# [What to produce]
Print out the data exactly, keeping every image out of it.
○ ○ ○ ○
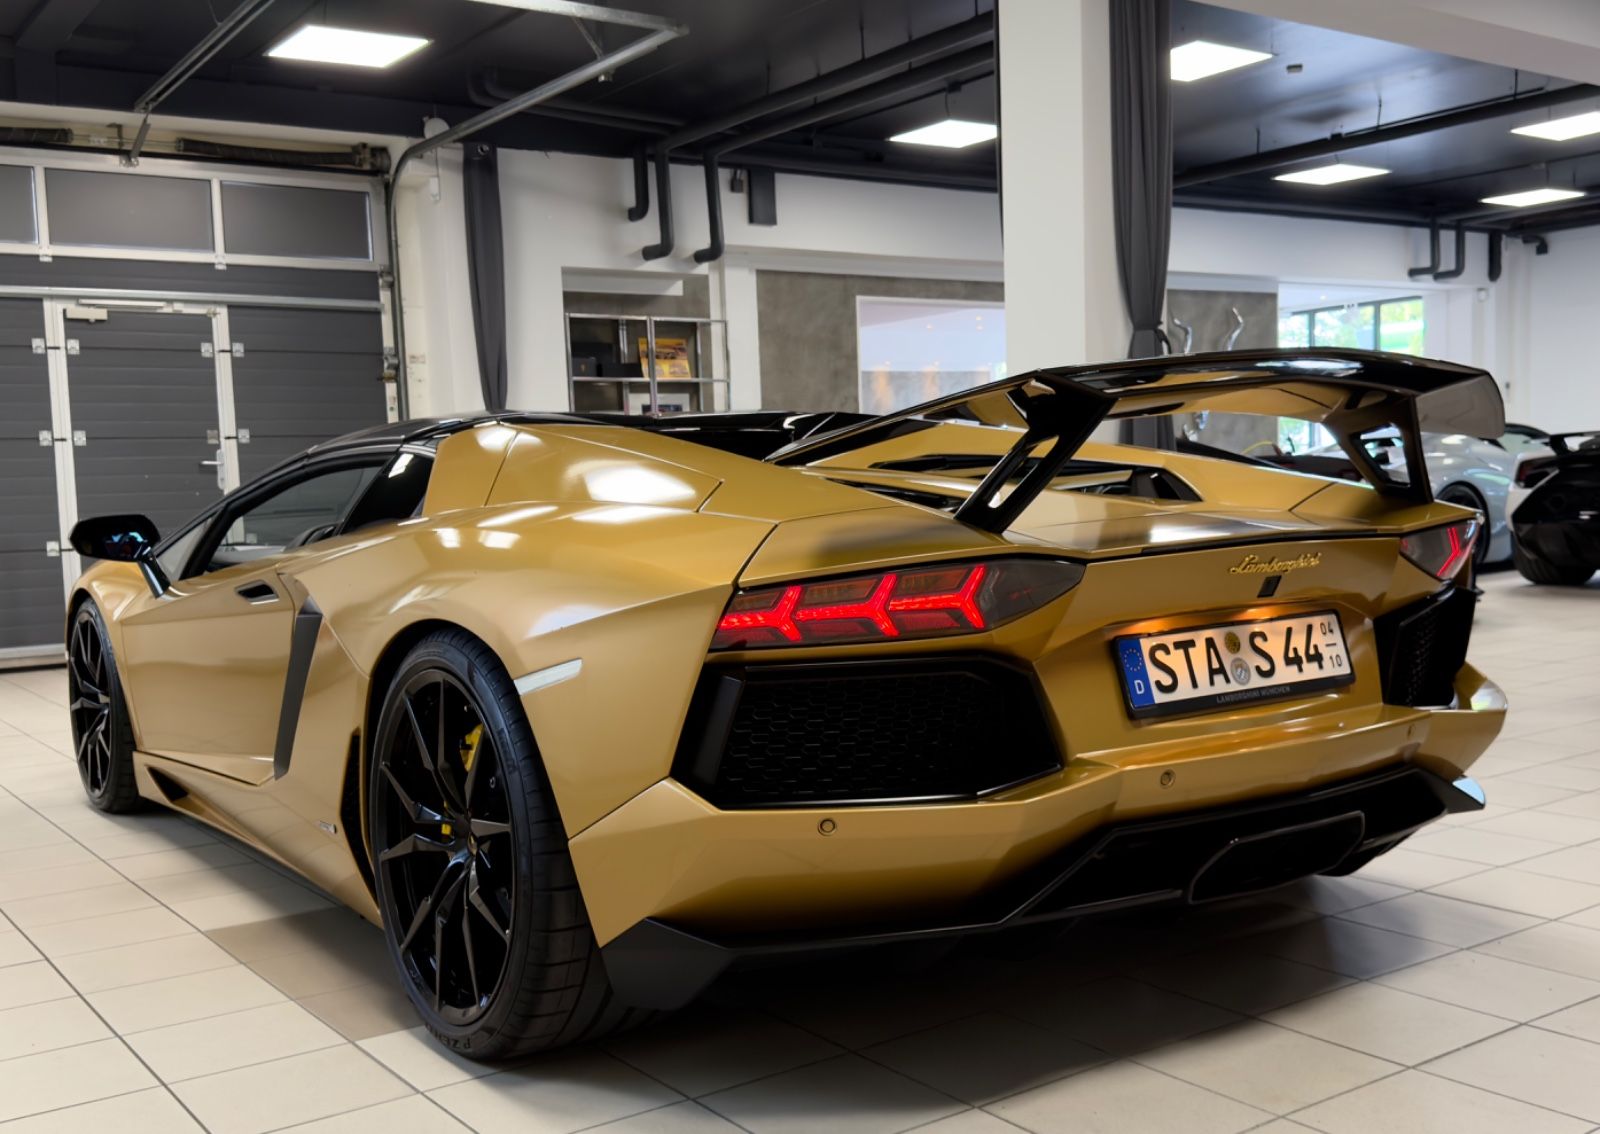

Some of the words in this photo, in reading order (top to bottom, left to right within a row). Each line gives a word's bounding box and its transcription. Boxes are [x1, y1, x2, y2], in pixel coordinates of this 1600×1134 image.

[1230, 552, 1322, 574] Lamborghini
[1319, 621, 1335, 636] 04
[1149, 636, 1231, 694] STA
[1248, 630, 1276, 679] S
[1283, 623, 1324, 673] 44
[1329, 654, 1343, 668] 10
[1133, 679, 1145, 695] D
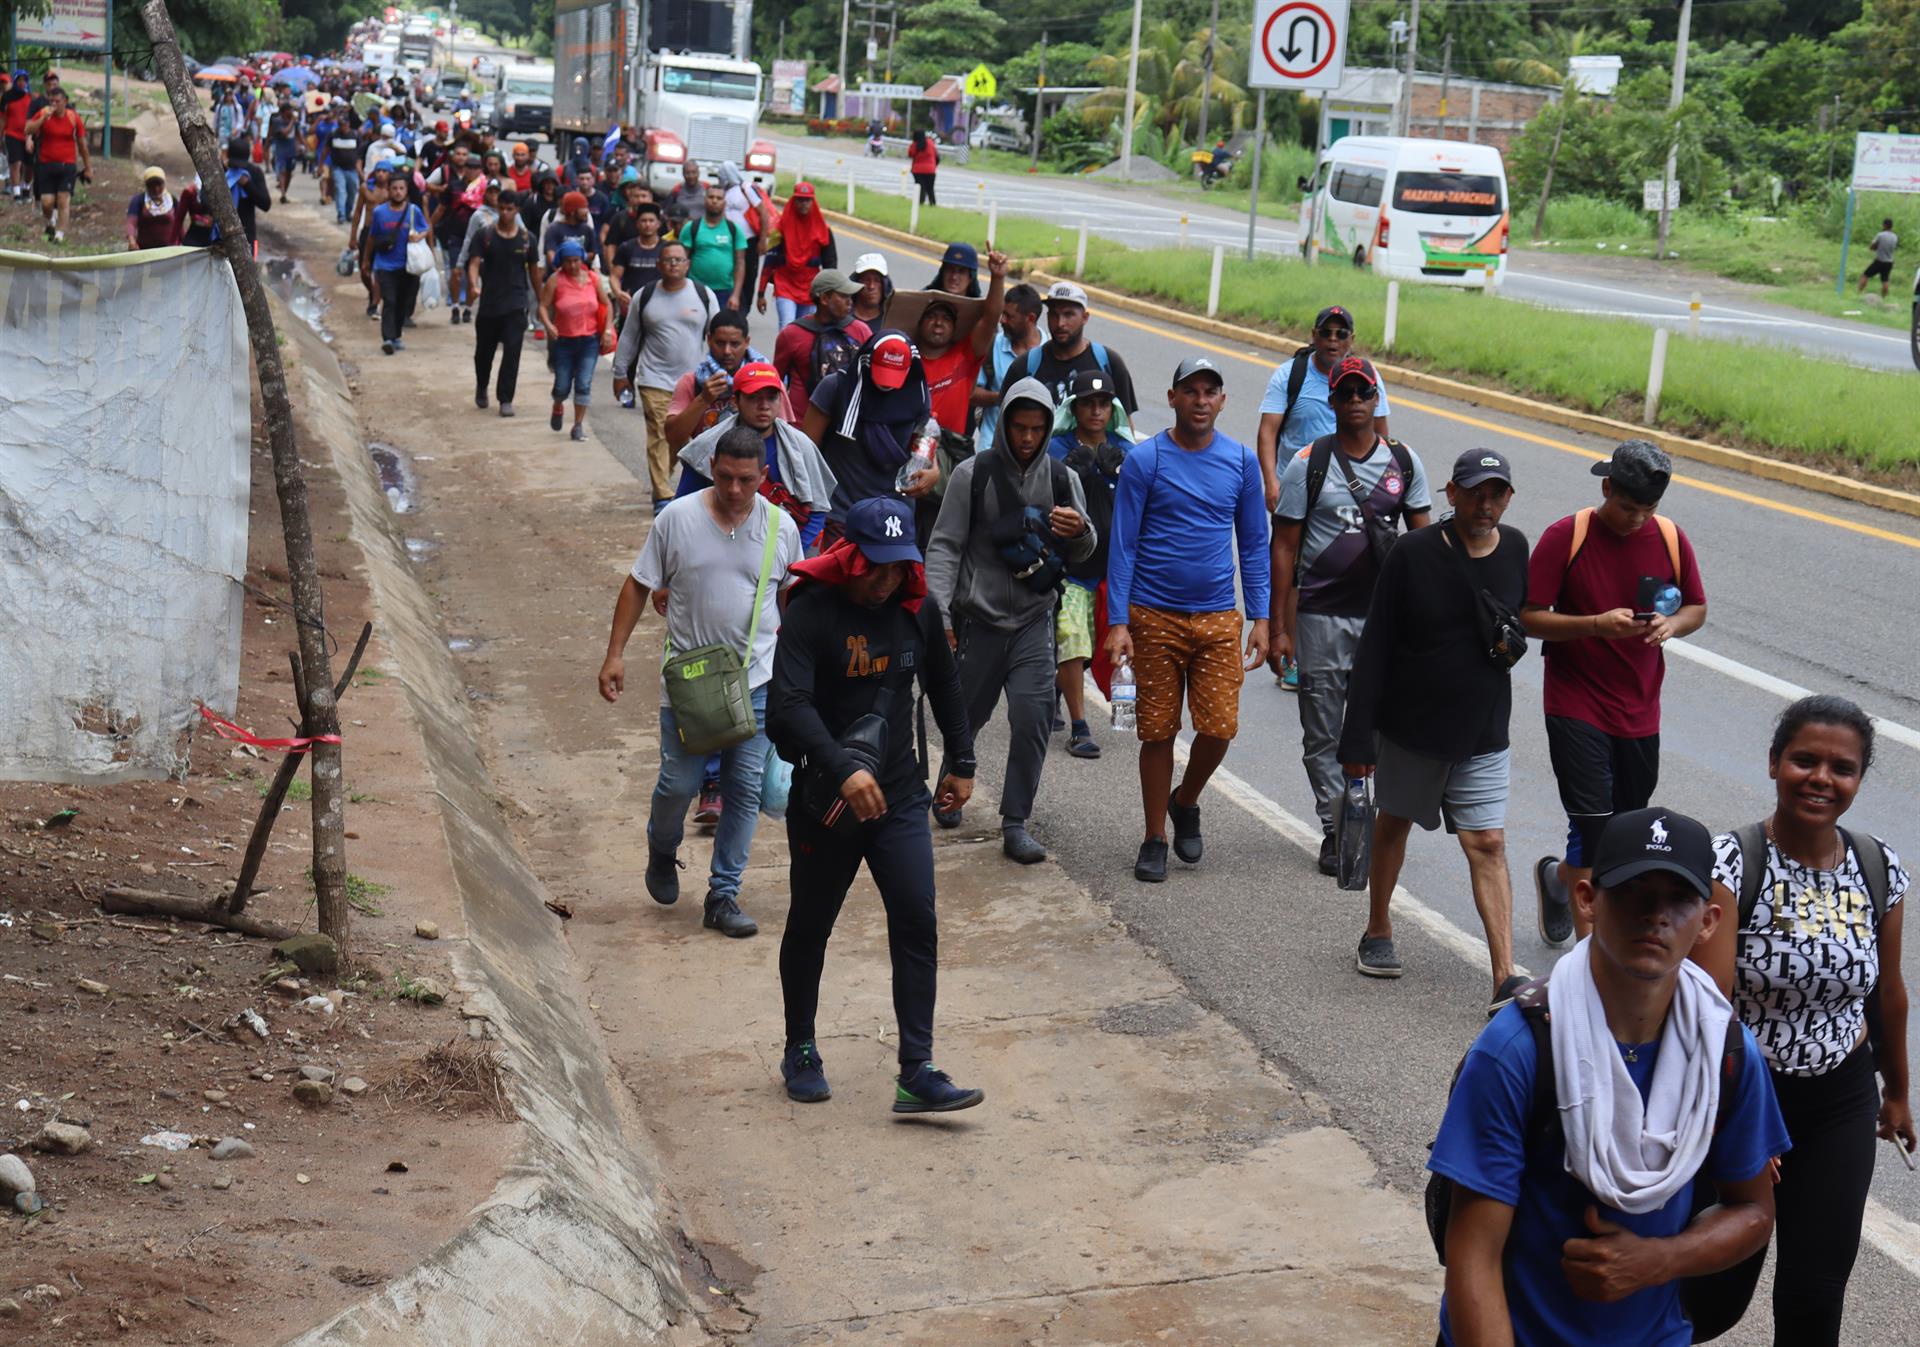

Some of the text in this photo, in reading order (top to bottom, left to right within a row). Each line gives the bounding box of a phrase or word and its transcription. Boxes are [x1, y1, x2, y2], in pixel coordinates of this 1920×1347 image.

[875, 86, 922, 95] RETORNO
[885, 515, 903, 537] NY
[682, 660, 709, 680] CAT
[1645, 844, 1672, 852] POLO
[1773, 883, 1873, 939] LOVE
○ ○ ○ ○
# [Written solution]
Some of the words in this photo, in reading order (top to bottom, left to right within a row). Each line gives a word's bounding box and its transcription. Boxes are [x1, y1, x2, y2], in pixel coordinates of this 1600×1134 image.

[1230, 552, 1322, 574] Lamborghini
[1319, 621, 1335, 636] 04
[1149, 636, 1231, 694] STA
[1248, 630, 1276, 679] S
[1283, 623, 1324, 673] 44
[1329, 654, 1343, 668] 10
[1133, 679, 1145, 695] D

Some of the text in this photo, in reading order (top to bottom, left to right within a row). Each line gives the bounding box of a phrase or word and its transcription. Boxes are [x1, y1, x2, y2], in pixel coordinates of this 1920×1347 image.

[875, 86, 922, 95] RETORNO
[885, 515, 903, 537] NY
[682, 660, 709, 680] CAT
[1645, 844, 1672, 852] POLO
[1773, 883, 1873, 939] LOVE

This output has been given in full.